Crosby and Luter decided to experiment. Luter shifted services and Bible study to First Baptist.
“We did that for 21/2 years, and all this merging started happening,” Crosby, 59, said. “Our men started meeting together, our women’s ministry. We had vacation Bible study together.”
Baptists who descended on the area to help rebuild came to First Baptist, heard the two choirs sing as one and recognized something new emerging.
Franklin Avenue reopened in 2008, but friendships and joint activities with First Baptist endure, Crosby said. Luter said that as convention president, a largely ceremonial role, he would like to lead the denomination forward in the same way.
“The question is, beyond the symbol, how intentional will the convention’s leaders be in giving voice to persons they haven’t given voice to in the past?” said Bill Leonard, a professor of Baptist studies and church history at Wake Forest University’s divinity school.
Majority-minority churches have grown over the last decade, as the convention became about 7 percent African-American, 6 percent Latino and 3 percent Asian, according to the most recent figures, from 2009. But some black pastors remain troubled by comments by convention officials, including controversial remarks sparked by the Trayvon Martin shooting.
In March, the church’s top public policy official, Richard Land, accused President Barack Obama and black leaders of exploiting the killing of the unarmed Florida teenager.
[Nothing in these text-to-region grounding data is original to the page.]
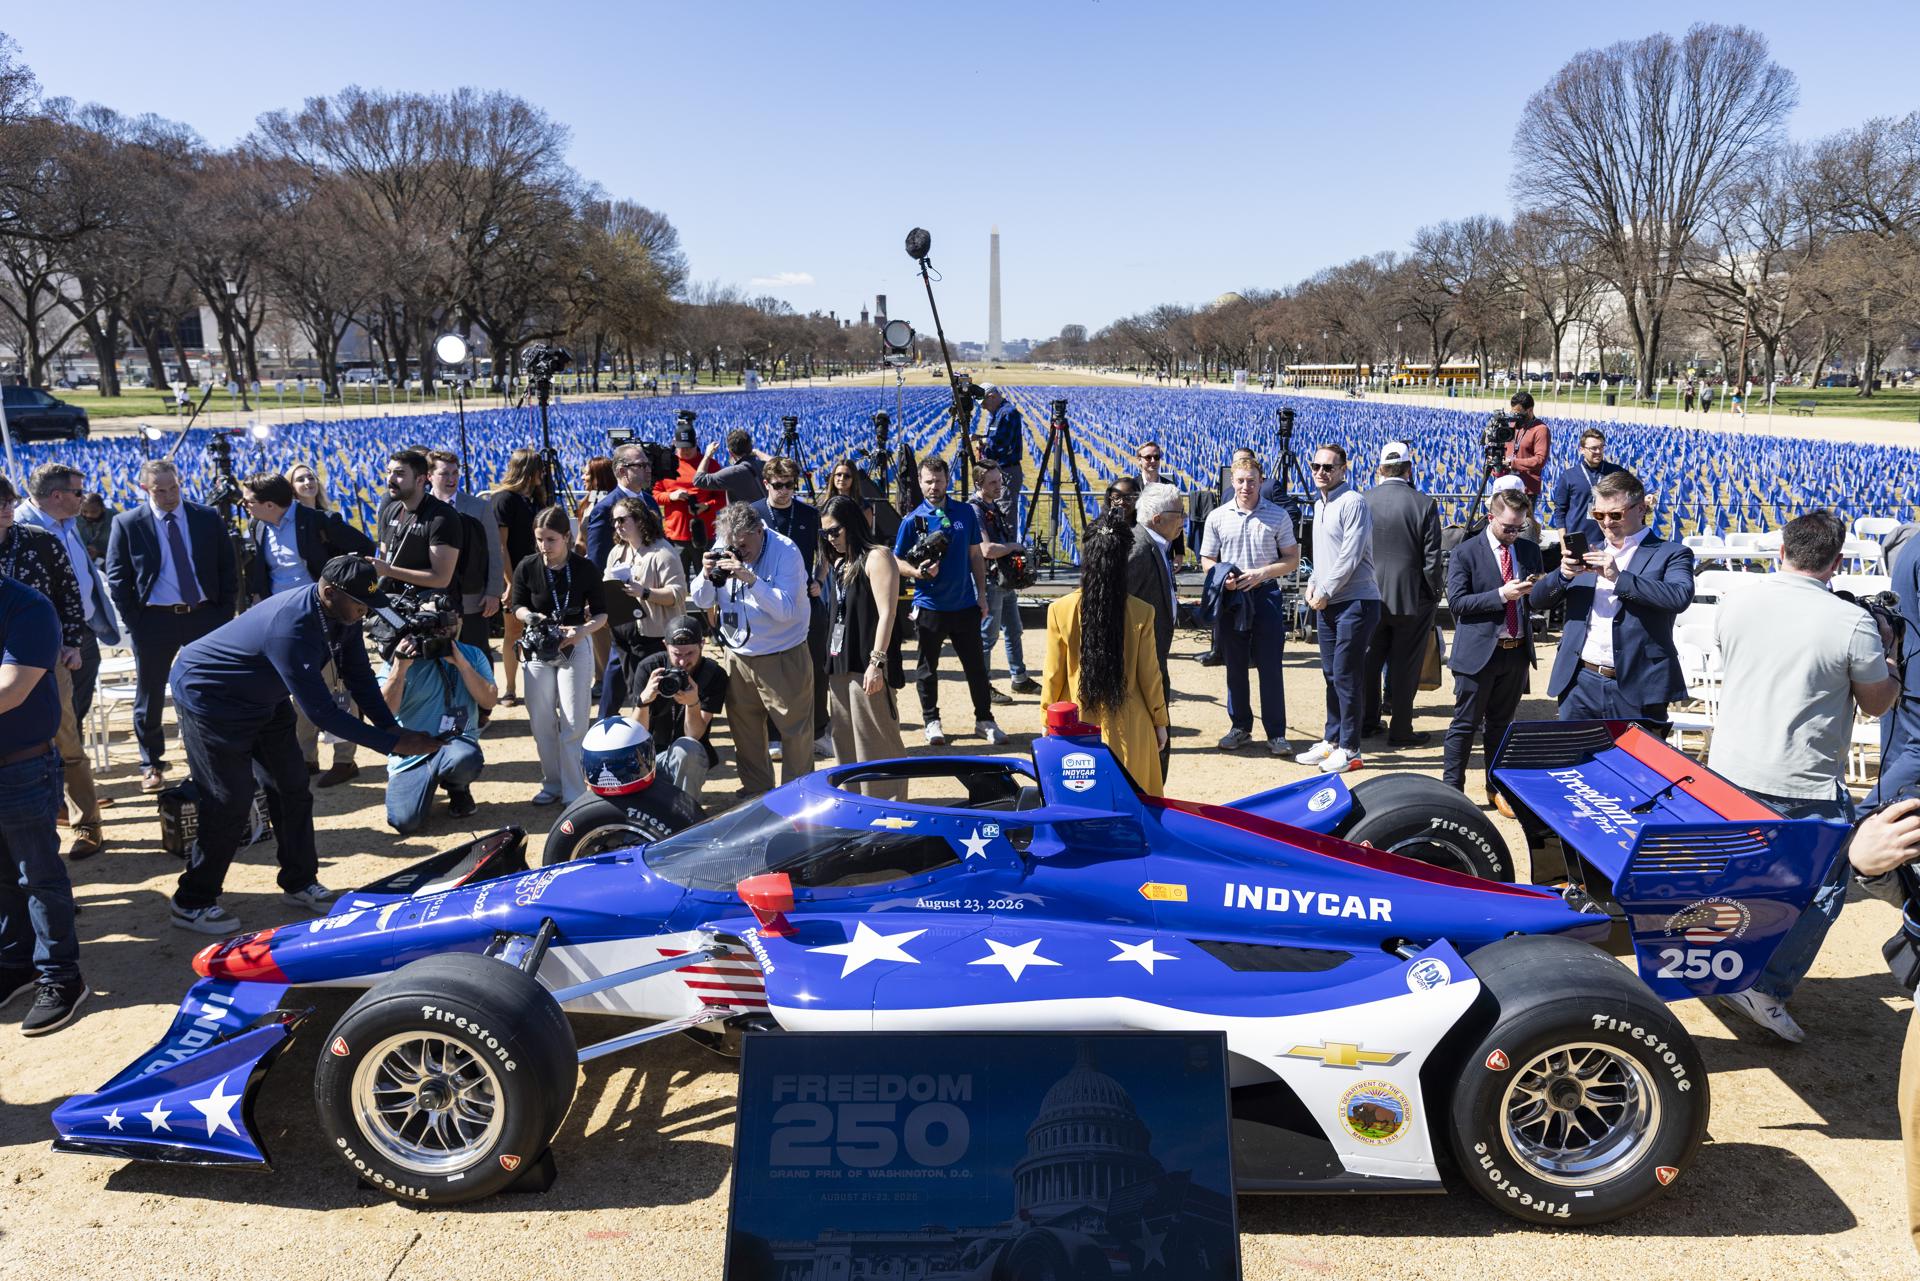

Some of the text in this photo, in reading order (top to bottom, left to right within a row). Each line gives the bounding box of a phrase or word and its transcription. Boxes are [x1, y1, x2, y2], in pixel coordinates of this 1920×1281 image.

[1062, 769, 1096, 777] INDYCAR
[1547, 769, 1639, 825] Freedom
[1430, 817, 1502, 873] Firestone
[916, 897, 1024, 912] August 23, 2026
[1223, 882, 1393, 922] INDYCAR
[1708, 896, 1720, 904] OF
[1722, 897, 1751, 939] TRANSPORTATION
[741, 927, 775, 975] Firestone
[1657, 948, 1744, 981] 250
[1419, 963, 1446, 989] FOX
[421, 1005, 517, 1072] Firestone
[1591, 1014, 1691, 1092] Firestone
[772, 1074, 973, 1101] FREEDOM
[1342, 1081, 1376, 1104] DEPARTMENT
[1388, 1085, 1400, 1095] THE
[1399, 1095, 1411, 1121] INTERIOR
[769, 1102, 970, 1168] 250
[1352, 1131, 1375, 1144] MARCH
[336, 1137, 430, 1200] Firestone
[769, 1169, 974, 1180] GRAND PRIX OF WASHINGTON, D.C.
[1474, 1142, 1572, 1218] Firestone
On his radio show, Land appeared to justify racial profiling.
Land later apologized, then met with Luter and other black Southern Baptist pastors.
On June 1, Land’s radio show was canceled.
Some say the convention, which adopted a plan to groom minorities for leadership posts, must do more to address its past.
“It’s so ironic that, at the same time we have Pastor Luter about to be elected president, we have these comments from Mr. Land,” said the Rev. Dwight McKissic of Cornerstone Baptist Church, a black congregation in Arlington, Texas. “How do you reconcile those two positions?”
Still, McKissic remains loyal. “If your mother or grandmother gets senility, you don’t disown her because she’s fallen on hard times,” he said. “I’m definitely in as long as Luter is president.”
Nathan Finn, an associate professor at Southeastern Baptist Theological Seminary in Wake Forest, N.C., says he has heard from recent graduates assigned to churches in the rural Deep South frustrated to find them still “functionally, intentionally segregated.”
“They love Fred Luter,” Finn said of such churches, “but they would be uncomfortable having black members.”
Some Baptist leaders want the convention to vote this month to expel or “de-fellowship” churches with racist membership policies.
It’s just not in his nature to punish. Like the church he visited in Crowley, Luter said, all congregations deserve a chance at redemption.